[Free-text object descriptions]
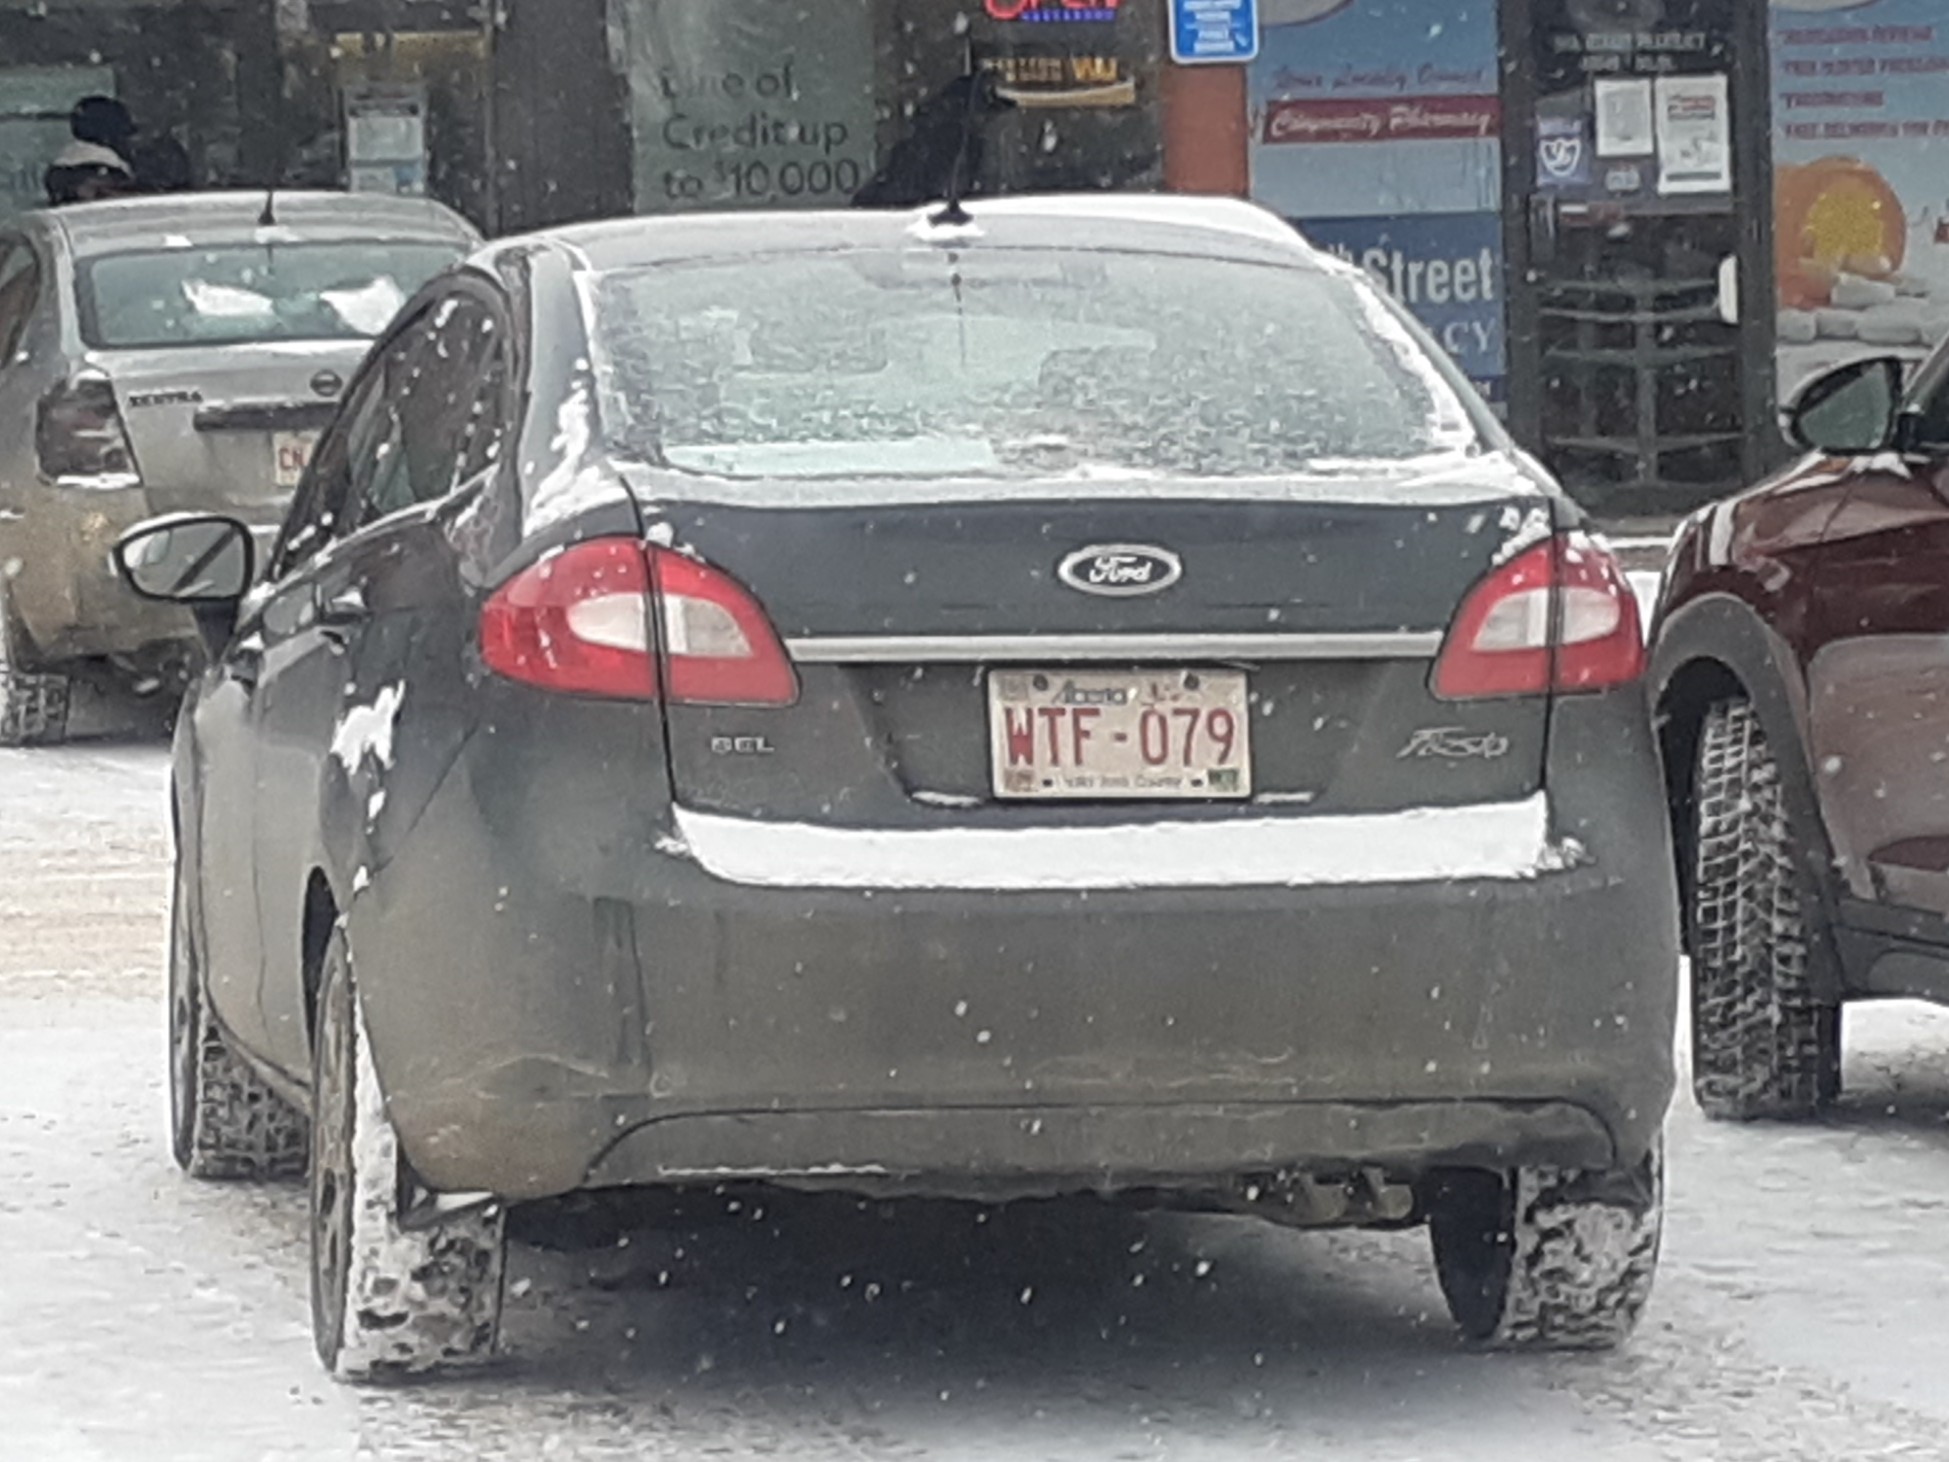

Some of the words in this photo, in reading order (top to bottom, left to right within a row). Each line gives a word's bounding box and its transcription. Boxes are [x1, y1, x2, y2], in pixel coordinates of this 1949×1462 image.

[663, 112, 790, 150] Credit
[799, 120, 848, 155] up
[1362, 246, 1494, 304] Street
[1089, 556, 1153, 583] Ford
[1004, 706, 1236, 767] WTF-079
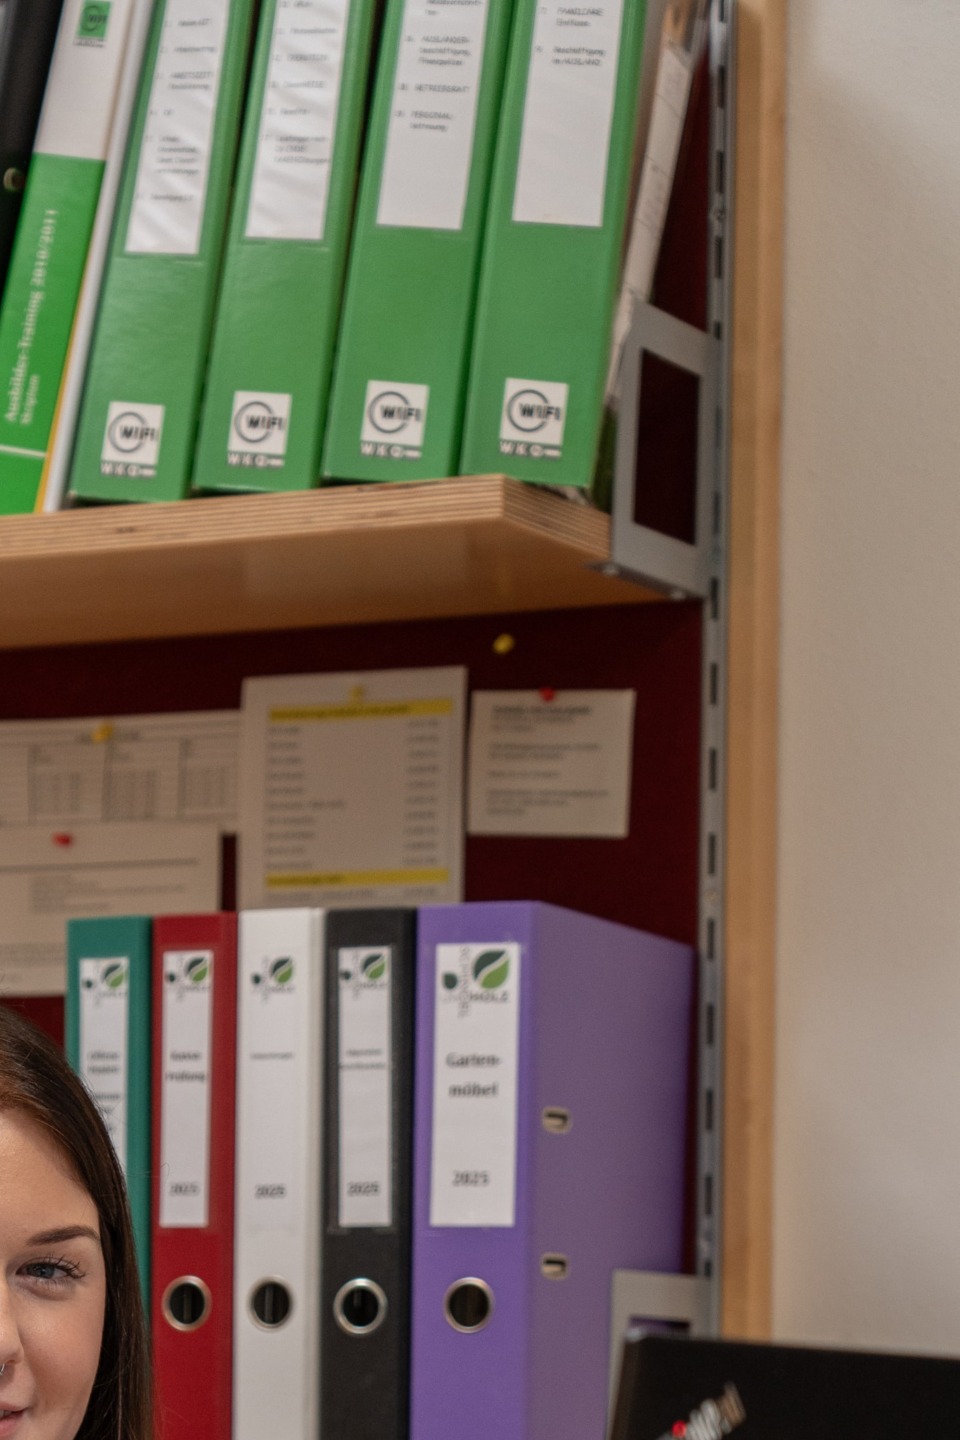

■ **Your task**:
In the copy, include all records verbatim but no images.

■ **Problem solution**:
Some of the words in this photo, in reading order (top to bottom, left to right within a row). Each line gives a word's bounding box and its transcription. Boxes are [x1, y1, x2, y2], in pixel coordinates of this 1949×1462 image.

[663, 112, 790, 150] Credit
[799, 120, 848, 155] up
[1362, 246, 1494, 304] Street
[1089, 556, 1153, 583] Ford
[1004, 706, 1236, 767] WTF-079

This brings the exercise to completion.